## Try it
Drop every picture. Return the rest of the entries exactly.

[Text-to-region grounding data]
=== Begin Enclosure ===

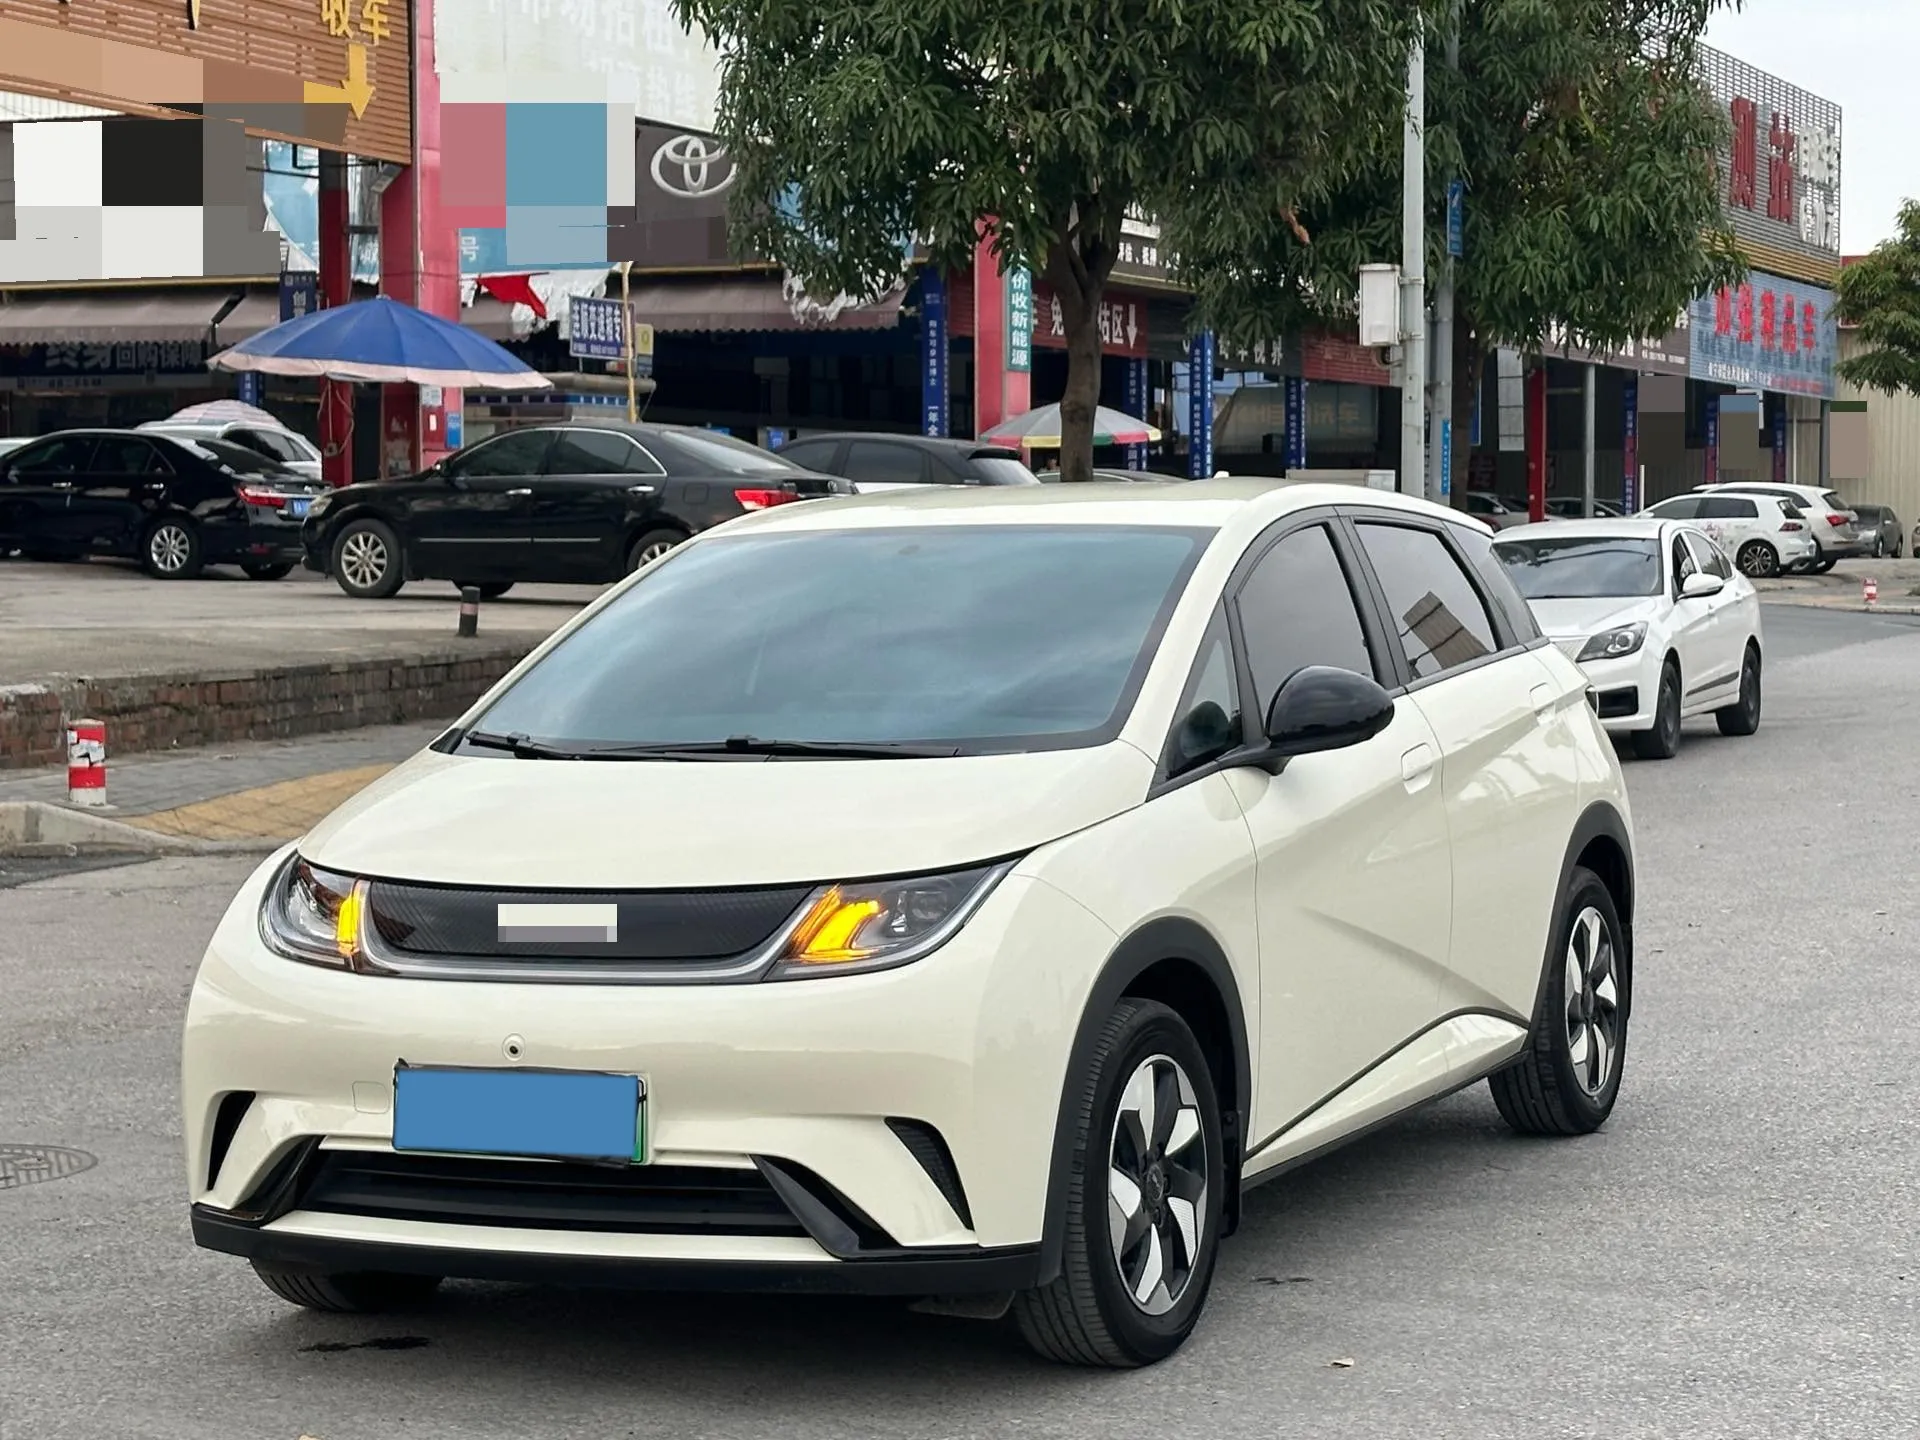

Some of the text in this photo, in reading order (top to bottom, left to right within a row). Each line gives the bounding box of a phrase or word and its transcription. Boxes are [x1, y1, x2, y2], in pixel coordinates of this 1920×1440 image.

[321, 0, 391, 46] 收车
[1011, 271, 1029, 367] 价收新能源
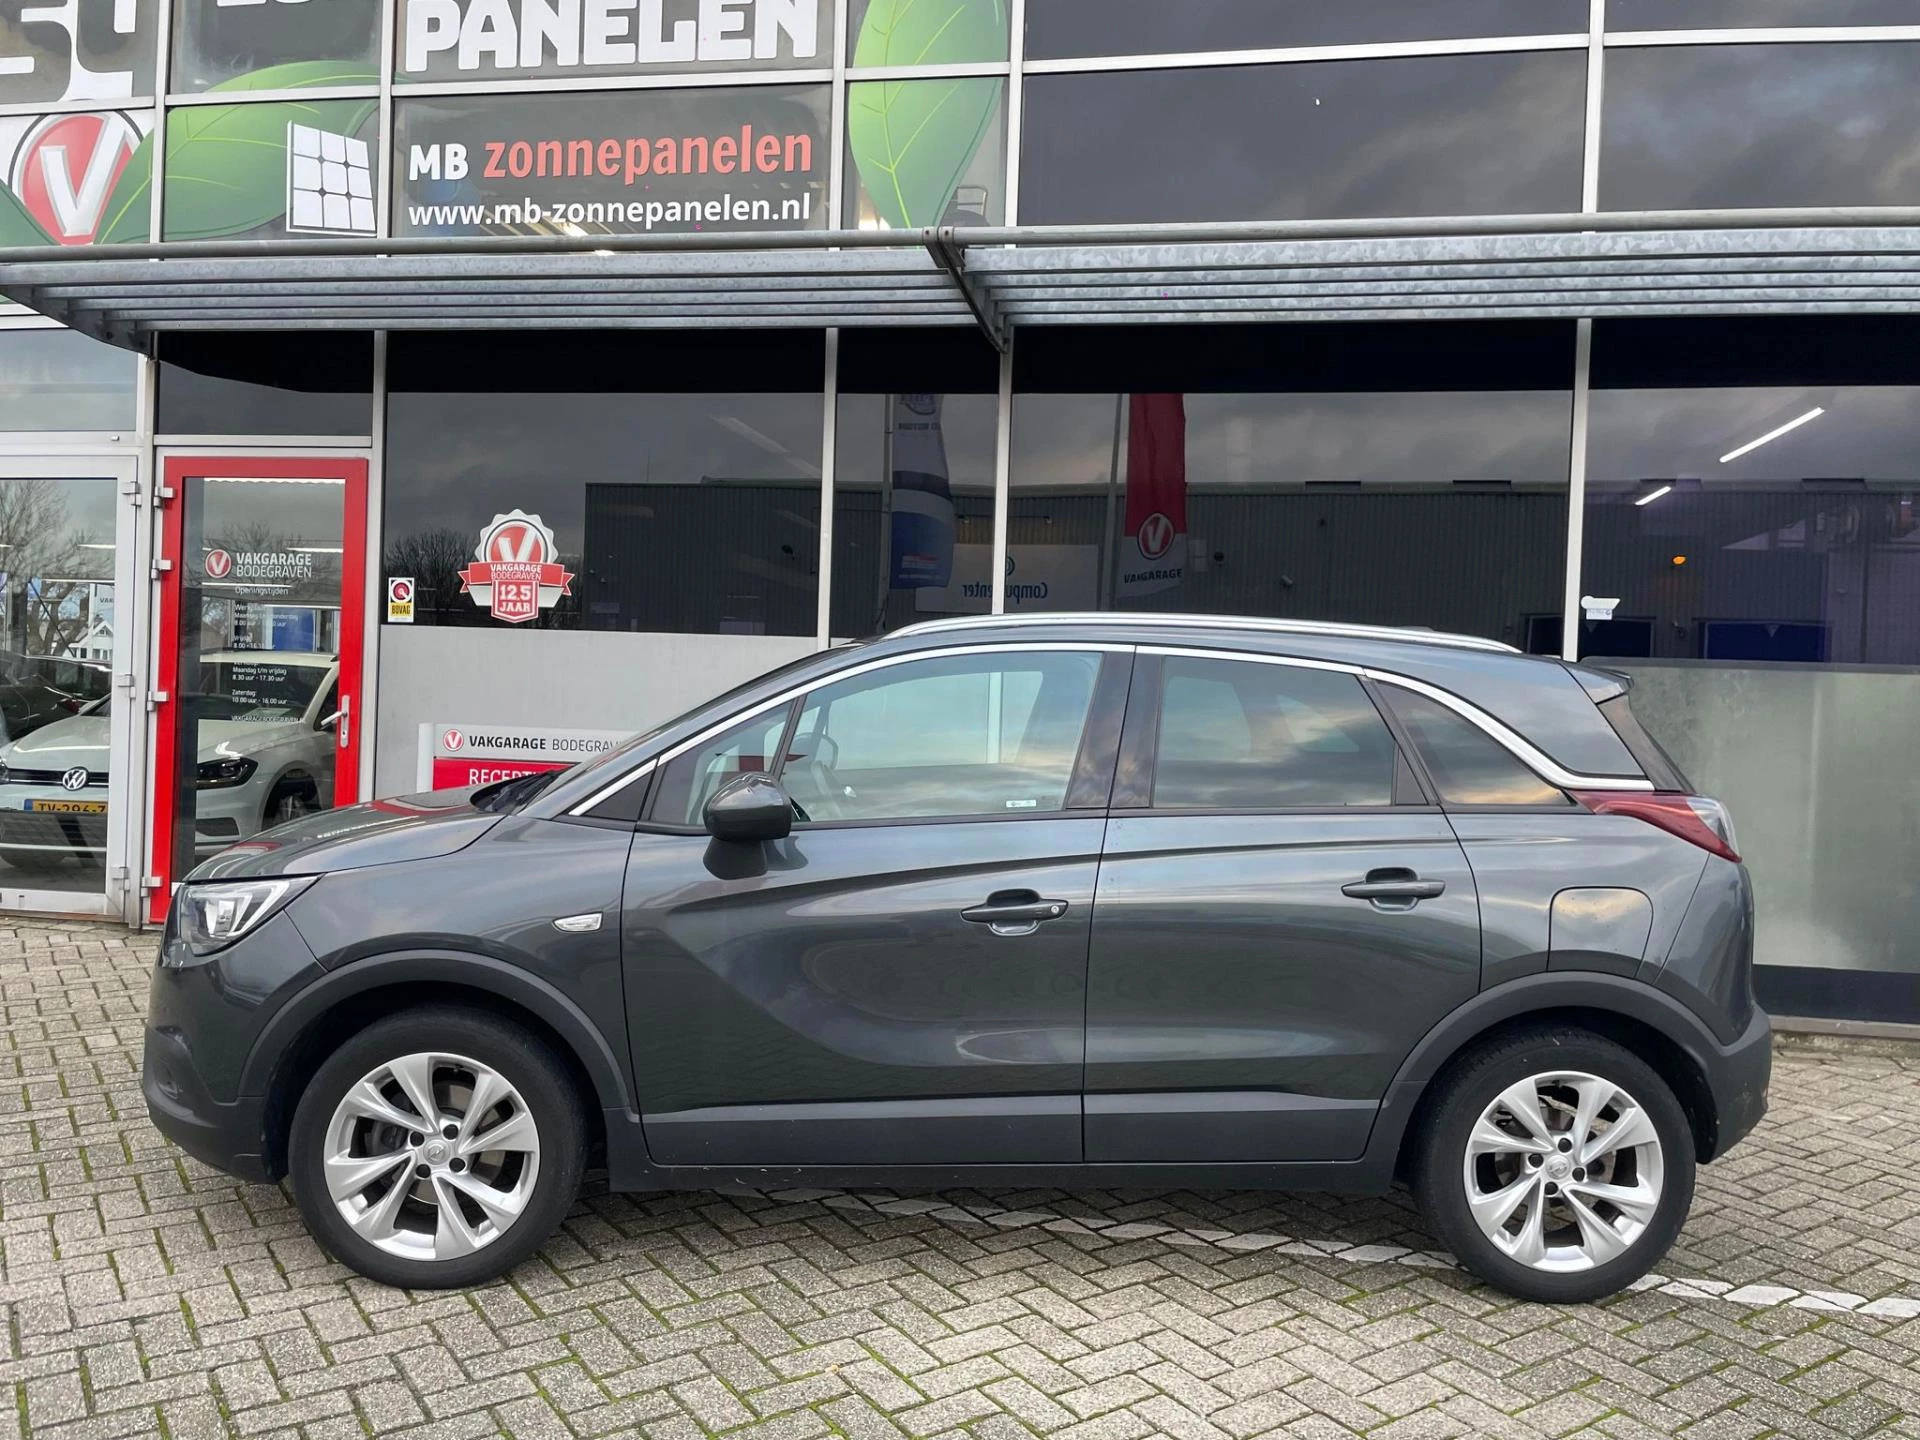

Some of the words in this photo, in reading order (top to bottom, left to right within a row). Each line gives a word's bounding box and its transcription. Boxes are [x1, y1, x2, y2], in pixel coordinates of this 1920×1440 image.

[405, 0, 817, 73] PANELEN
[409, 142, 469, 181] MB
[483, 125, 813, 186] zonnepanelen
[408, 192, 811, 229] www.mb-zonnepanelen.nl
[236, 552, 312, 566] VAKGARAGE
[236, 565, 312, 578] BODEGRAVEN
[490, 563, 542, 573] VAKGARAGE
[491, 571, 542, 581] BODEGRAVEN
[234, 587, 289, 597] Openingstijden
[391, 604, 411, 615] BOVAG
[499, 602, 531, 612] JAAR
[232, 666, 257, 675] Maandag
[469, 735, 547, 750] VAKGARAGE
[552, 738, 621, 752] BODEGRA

=== End Enclosure ===

## Reply
Some of the text in this photo, in reading order (top to bottom, left to right within a row). Each line gives the bounding box of a phrase or word and its transcription. Boxes are [x1, y1, x2, y2], in pixel coordinates of this 1920×1440 image.

[321, 0, 391, 46] 收车
[1011, 271, 1029, 367] 价收新能源

Some of the words in this photo, in reading order (top to bottom, left to right within a row). Each line gives a word's bounding box and its transcription. Boxes are [x1, y1, x2, y2], in pixel coordinates of this 1920×1440 image.

[405, 0, 817, 73] PANELEN
[409, 142, 469, 181] MB
[483, 125, 813, 186] zonnepanelen
[408, 192, 811, 229] www.mb-zonnepanelen.nl
[236, 552, 312, 566] VAKGARAGE
[236, 565, 312, 578] BODEGRAVEN
[490, 563, 542, 573] VAKGARAGE
[491, 571, 542, 581] BODEGRAVEN
[234, 587, 289, 597] Openingstijden
[391, 604, 411, 615] BOVAG
[499, 602, 531, 612] JAAR
[232, 666, 257, 675] Maandag
[469, 735, 547, 750] VAKGARAGE
[552, 738, 621, 752] BODEGRA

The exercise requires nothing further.